BORIS JOHNSON has sensationally undermined the prime minister in a article inside The Telegraph over the weekend – SIX days before Mrs May was due to give a key Brexit speech in Florence, Italy.
In the article, the Foreign Secretary and Brexit visionary laid out his plan for Britain’s exit from the EU, said Britain should NOT pay a divorce bill, added that Britain should NOT stay inside the Customs Union, or the Single Market and reiterated his £350m plan to save the NHS.
Many have seen the Johnson article as the start of a leadership battle inside the Tory party after Johnson was sent to the Carribean whilst arch-Remoaners Amber Rudd and Phillip Hammond stayed in London to put the final touches on Theresa May’s up-coming Brexit speech.
Rudd fired back at Boris on today’s Andrew Marr Show and accused Boris of ‘backseat driving the Brexit process’.
It is unlikely that the Foreign Secretary will face any serious backlash for his devious actions as Theresa May’s position is so weak, if she was to fire BoJo – the party would slip into a leadership process. The only reason Boris Johnson is Foreign Secretary is to stop him challenging the Prime Minister.
Brexiteers are LOVING Boris’ intervention but the Remainers have launched a tirade of backlash against Johnson for what many perceive as the start of a leadership bid.
BOJO’s BOLD BREXIT VISION
Britain will spend £350million a week on the NHS
“Once we have settled our accounts, we will take back control of roughly £350m per week. It would be a fine thing as many of us have pointed out if a lot of that money went on the NHS, provided we use that cash injection to modernise and make the most of new technology…
“One of the advantages of investing in the NHS – if we combine that investment with reform – is that we can turbo charge the role of our health service in driving bioscience.”
The UK will not pay to access the EU single market
“We would not expect to pay for access to their markets any more than they would expect to pay for access to ours.”
The door will not be slammed on migrants
“We will have an immigration [system] that suits the UK, not slamming the door – but welcoming the talent we need, from the EU and around the world. Of course we will make sure that business gets the skills it needs, but business will no longer be able to use immigration as an excuse not to invest in the young people of this country.”
Taxes will be reformed – and the ‘tampon tax’ axed
“We should seize the opportunity of Brexit to reform our tax system. Andy Haldane the Bank of England’s chief economist argued in 2015 that our system is currently skewed so as to discourage investment.
“He believes that reform could raise output by around 20 per cent.

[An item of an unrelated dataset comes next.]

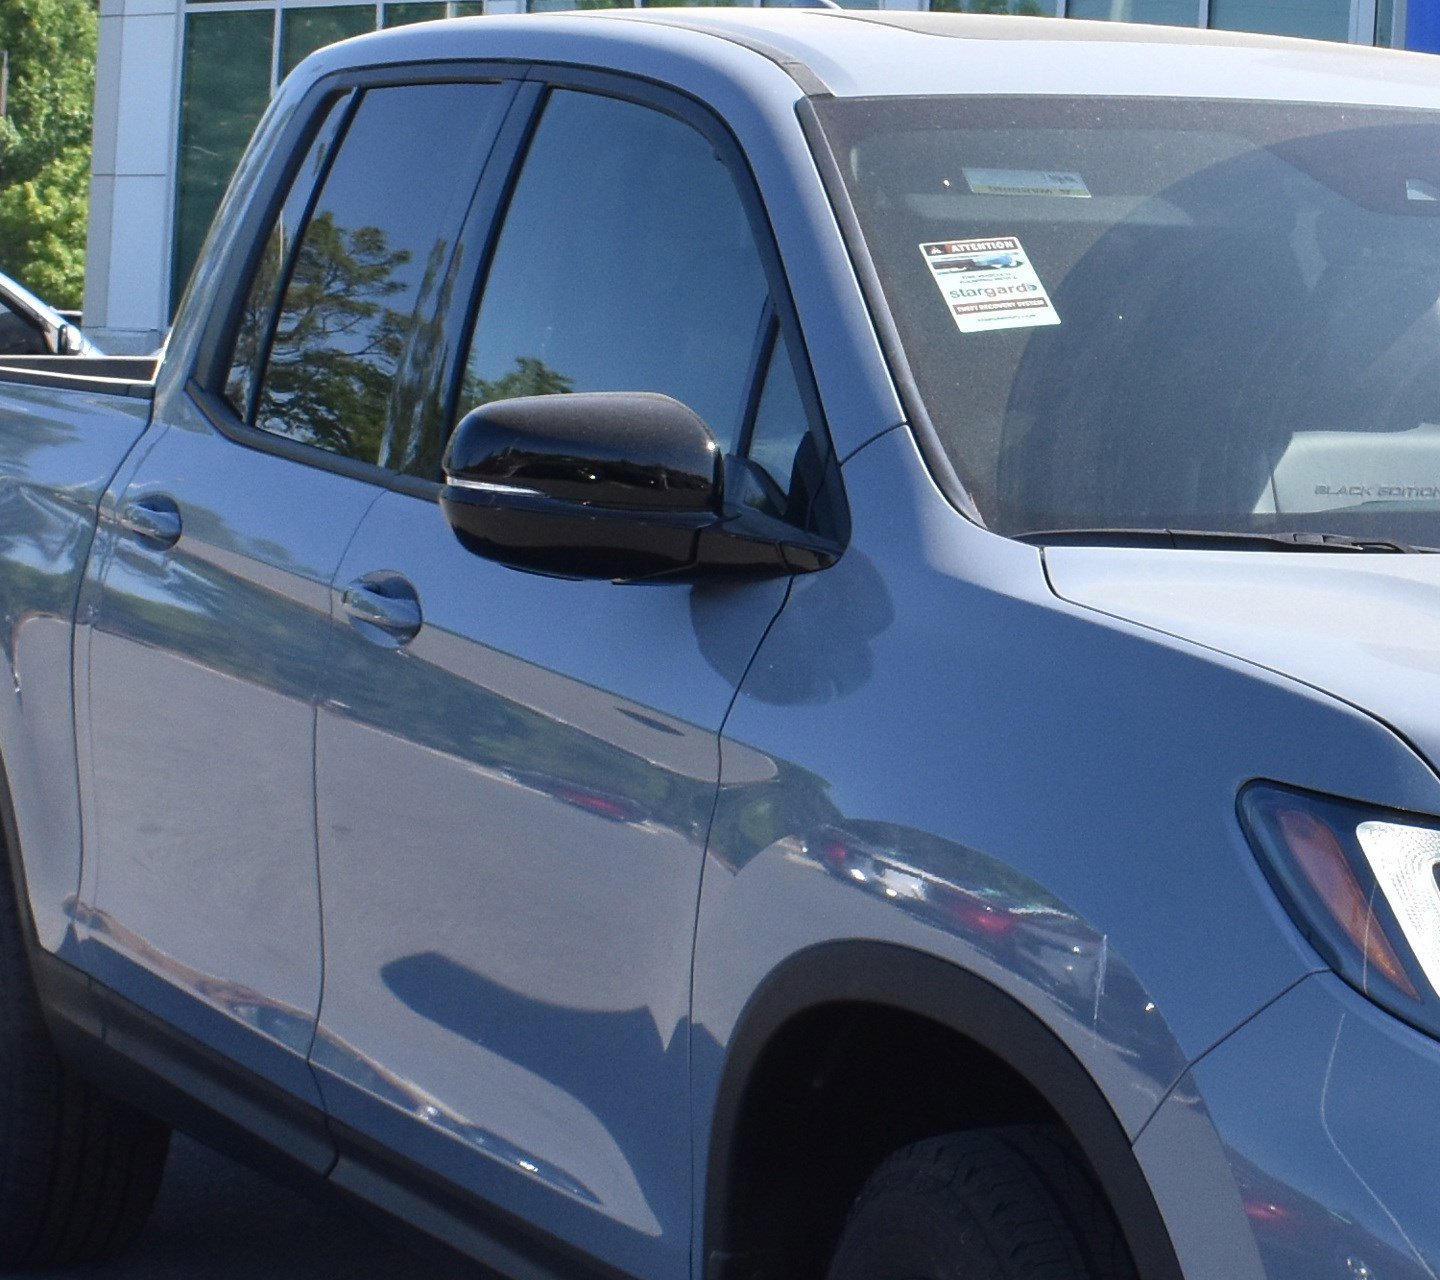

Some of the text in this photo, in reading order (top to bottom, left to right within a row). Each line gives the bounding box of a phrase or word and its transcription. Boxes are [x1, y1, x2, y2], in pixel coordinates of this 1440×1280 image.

“Outside the EU there are obvious opportunities – in agriculture, fisheries, in the setting of indirect taxation.
“At the stroke of a pen, the Chancellor will be able to cut VAT on tampons; often demanded by parliament but – absurdly – legally impossible to deliver.”
Britain will be able to become a “champion” for free trade
“We will be able to get on and do free trade deals, to campaign for free trade that has lifted billions out of poverty and that so badly needs a new champion.”
Old friendships with Commonwealth countries will be renewed
“We will be able to intensify old friendships around the world, not least with fast-growing commonwealth economies, and to build a truly Global Britain.”
Brexit will be a success
“This country will succeed in our new national enterprise, and will succeed mightily.”
Foreigners could be prevented from buying homes in Britain
“It is often pointed out that the price of housing in certain parts of London may be increased by buyers from overseas. But there is no point in putting any kind of tax on foreign buyers, because the inhabitants of 27 other countries cannot legally be treated as foreign.”
Britain will borrow more to pay for the “infrastructure it deserves”
“We should use the opportunities afforded by historically low interest rates to give this country the infrastructure it deserves – and especially in London, the most dynamic and productive urban economy in Europe, where things seem frankly to have gone a bit quiet since the departure of the last Mayor.”
Work on gene therapy will be accelerated
“We will be able to accelerate our work on gene therapy – an infant science, now taking its first faltering steps, whose potential is gigantic.”